CSS Masonry Layout with grid-template-rows: masonry

CSS Masonry layout — items packed into columns with no fixed row height — has been possible only with JavaScript libraries or multi-column CSS hacks until now. The grid-template-rows: masonry (Firefox behind a flag) and the newer masonry display value (Chrome experimental) finally bring true masonry to CSS. A polyfill path using grid-template-columns with subgrid is available for broader support today.
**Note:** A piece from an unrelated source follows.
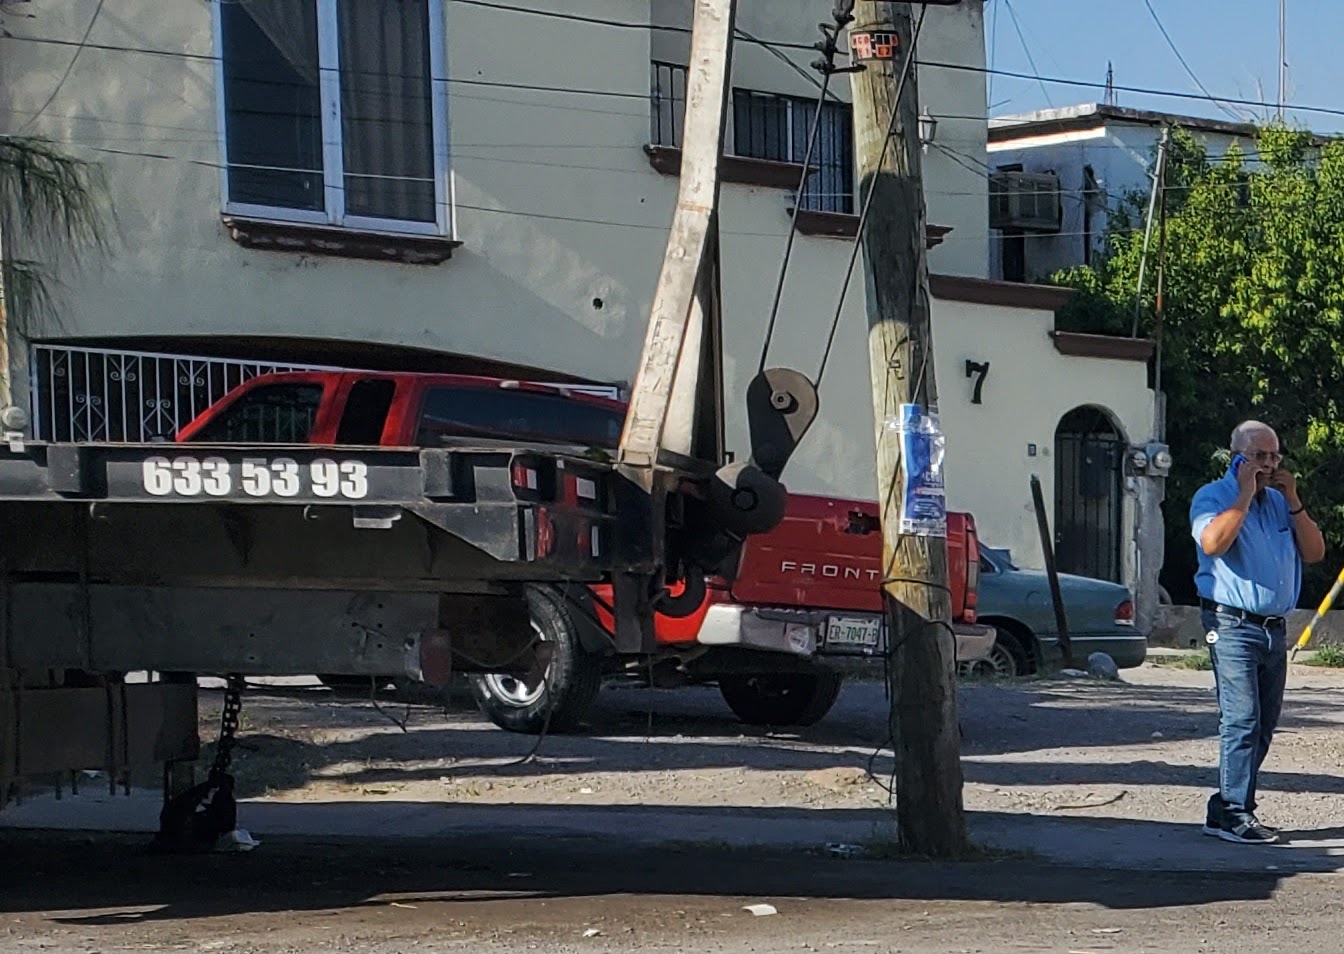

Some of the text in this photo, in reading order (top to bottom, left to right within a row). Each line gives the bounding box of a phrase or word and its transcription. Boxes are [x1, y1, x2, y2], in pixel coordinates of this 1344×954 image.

[966, 359, 990, 405] 7
[143, 456, 368, 499] 633 53 93
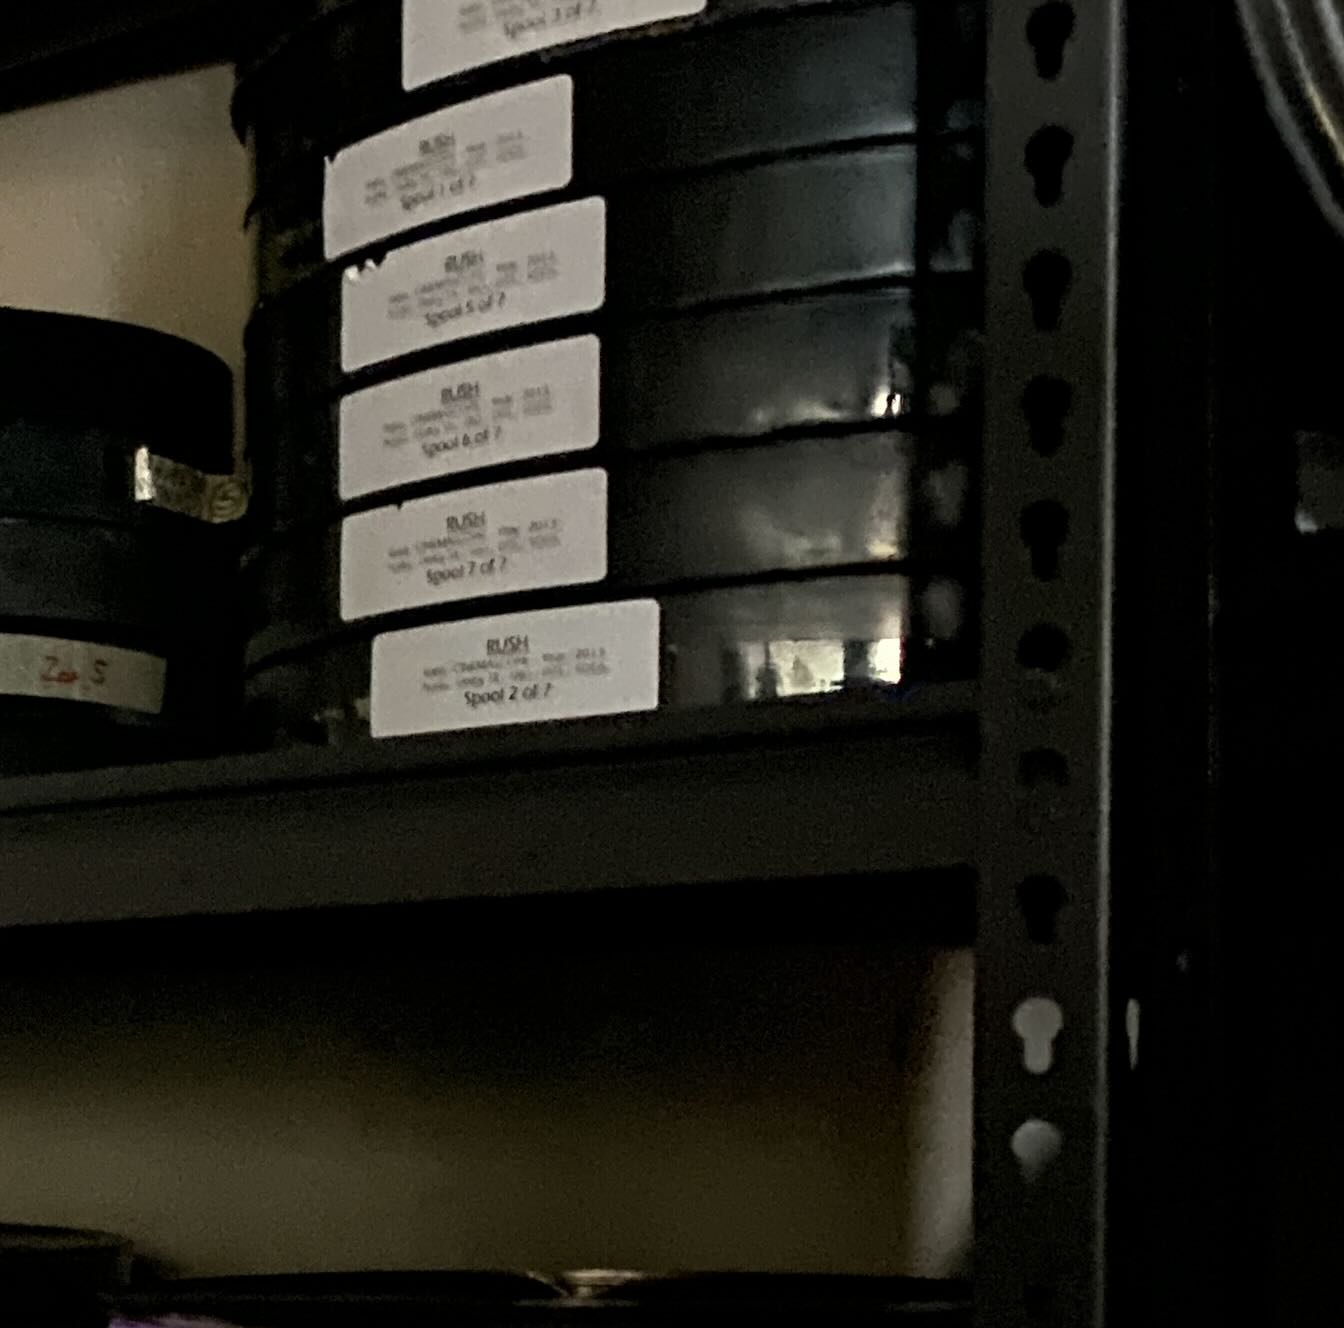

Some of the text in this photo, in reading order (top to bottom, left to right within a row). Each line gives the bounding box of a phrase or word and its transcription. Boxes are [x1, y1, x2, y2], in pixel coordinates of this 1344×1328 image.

Problem: CSS Flexbox and Grid require JavaScript-calculated heights or multi-column hacks to achieve a true masonry layout — items that fill columns by height rather than rows.

Solution: Use the CSS grid-template-rows: masonry property (behind a flag in Firefox, shipping in other browsers) to enable native masonry in a grid container. Set grid-template-columns to define column widths and let the browser pack items into the shortest column automatically — no JavaScript required.


The examples below show the native masonry syntax, a @supports progressive enhancement pattern, and a CSS-only fallback using multi-column for browsers that do not yet support it.


/* ── Native masonry (Firefox flag / Chrome experimental) ── */
.masonry-grid {
    display: grid;
    grid-template-columns: repeat(auto-fill, minmax(280px, 1fr));
    grid-template-rows: masonry;  /* the magic property */
    gap: 1.25rem;
}

/* ── Progressive enhancement with @supports ── */
@supports (grid-template-rows: masonry) {
    .masonry-grid {
        grid-template-rows: masonry;
        align-tracks: stretch;   /* align items within their masonry track */
    }
}

/* ── CSS-only fallback: multi-column layout ── */
@supports not (grid-template-rows: masonry) {
    .masonry-grid {
        display: block;
        column-count: 3;
        column-gap: 1.25rem;
    }

    .masonry-grid > * {
        break-inside: avoid;
        margin-block-end: 1.25rem;
    }
}

/* ── Card item styles (work in both layouts) ── */
.masonry-grid > .card {
    border-radius: 8px;
    overflow: hidden;
    box-shadow: 0 2px 8px rgb(0 0 0 / .1);
}

.masonry-grid > .card img {
    width: 100%;
    height: auto;
    display: block;
}

/* ── Responsive columns ── */
@media (max-width: 600px) {
    .masonry-grid {
        grid-template-columns: 1fr;
        column-count: 1;
    }
}


NOTE: In Chrome you must enable the Experimental Web Platform features flag (chrome://flags/#enable-experimental-web-platform-features) to test grid-template-rows: masonry; for production use today the multi-column fallback or a lightweight JS library like Masonry.js is still needed in most projects.